_Problem to work on_
In your copy, repeat the records exactly and leave out the pictures.

_Extracted data_
----------------

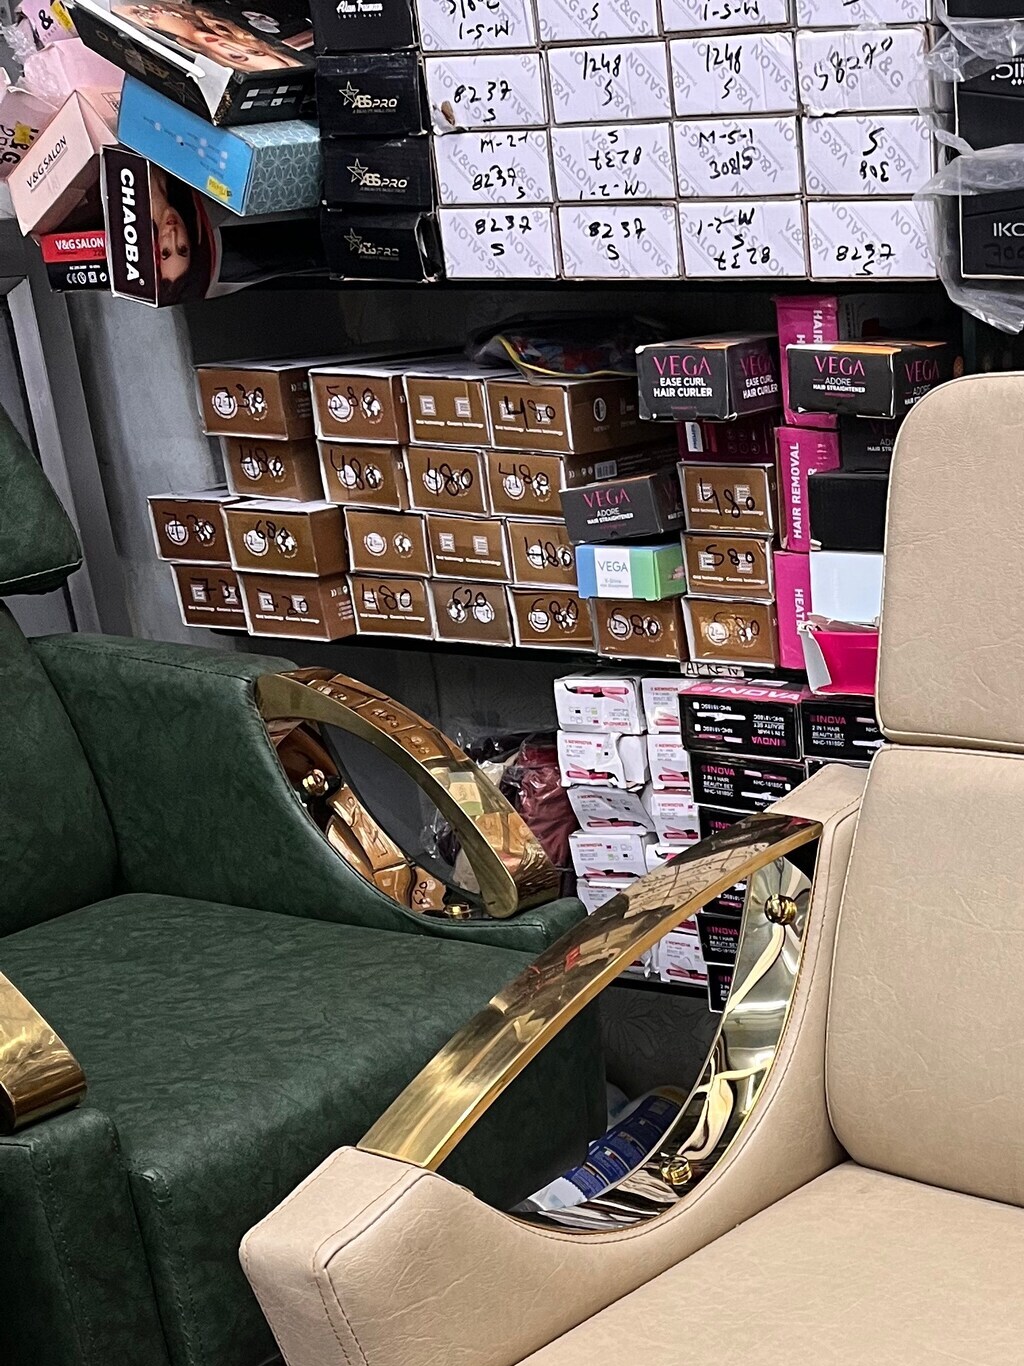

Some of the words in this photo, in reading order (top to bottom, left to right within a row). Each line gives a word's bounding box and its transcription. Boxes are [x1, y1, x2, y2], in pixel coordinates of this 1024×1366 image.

[583, 50, 622, 81] 1248
[706, 43, 742, 75] 1248
[453, 80, 513, 104] 8237
[43, 135, 67, 172] SALON
[119, 168, 141, 282] CHAOBA
[475, 215, 532, 235] 8237
[588, 217, 646, 239] 8237
[55, 238, 76, 250] V&G
[75, 237, 104, 249] SALON
[490, 243, 505, 256] S
[606, 244, 620, 260] S
[835, 243, 897, 262] 8237
[653, 355, 712, 376] VEGA
[814, 355, 866, 377] VEGA
[904, 359, 940, 383] VEGA
[660, 377, 682, 387] EASE
[684, 377, 706, 387] CURL
[824, 376, 852, 386] ADORE
[653, 388, 675, 398] HAIR
[677, 387, 713, 397] CURLER
[742, 388, 757, 400] HAIR
[790, 442, 801, 503] REMOVAL
[583, 487, 631, 508] VEGA
[700, 478, 756, 518] 480
[597, 506, 620, 518] ADORE
[793, 511, 803, 539] HAIR
[597, 560, 628, 572] VEGA
[815, 715, 847, 725] INOVA
[751, 736, 781, 747] INOVA
[706, 765, 736, 776] INOVA

----------------

_Reply_
Some of the words in this photo, in reading order (top to bottom, left to right within a row). Each line gives a word's bounding box and its transcription. Boxes are [x1, y1, x2, y2], in pixel coordinates of this 1024×1366 image.

[583, 50, 622, 81] 1248
[706, 43, 742, 75] 1248
[453, 80, 513, 104] 8237
[43, 135, 67, 172] SALON
[119, 168, 141, 282] CHAOBA
[475, 215, 532, 235] 8237
[588, 217, 646, 239] 8237
[55, 238, 76, 250] V&G
[75, 237, 104, 249] SALON
[490, 243, 505, 256] S
[606, 244, 620, 260] S
[835, 243, 897, 262] 8237
[653, 355, 712, 376] VEGA
[814, 355, 866, 377] VEGA
[904, 359, 940, 383] VEGA
[660, 377, 682, 387] EASE
[684, 377, 706, 387] CURL
[824, 376, 852, 386] ADORE
[653, 388, 675, 398] HAIR
[677, 387, 713, 397] CURLER
[742, 388, 757, 400] HAIR
[790, 442, 801, 503] REMOVAL
[583, 487, 631, 508] VEGA
[700, 478, 756, 518] 480
[597, 506, 620, 518] ADORE
[793, 511, 803, 539] HAIR
[597, 560, 628, 572] VEGA
[815, 715, 847, 725] INOVA
[751, 736, 781, 747] INOVA
[706, 765, 736, 776] INOVA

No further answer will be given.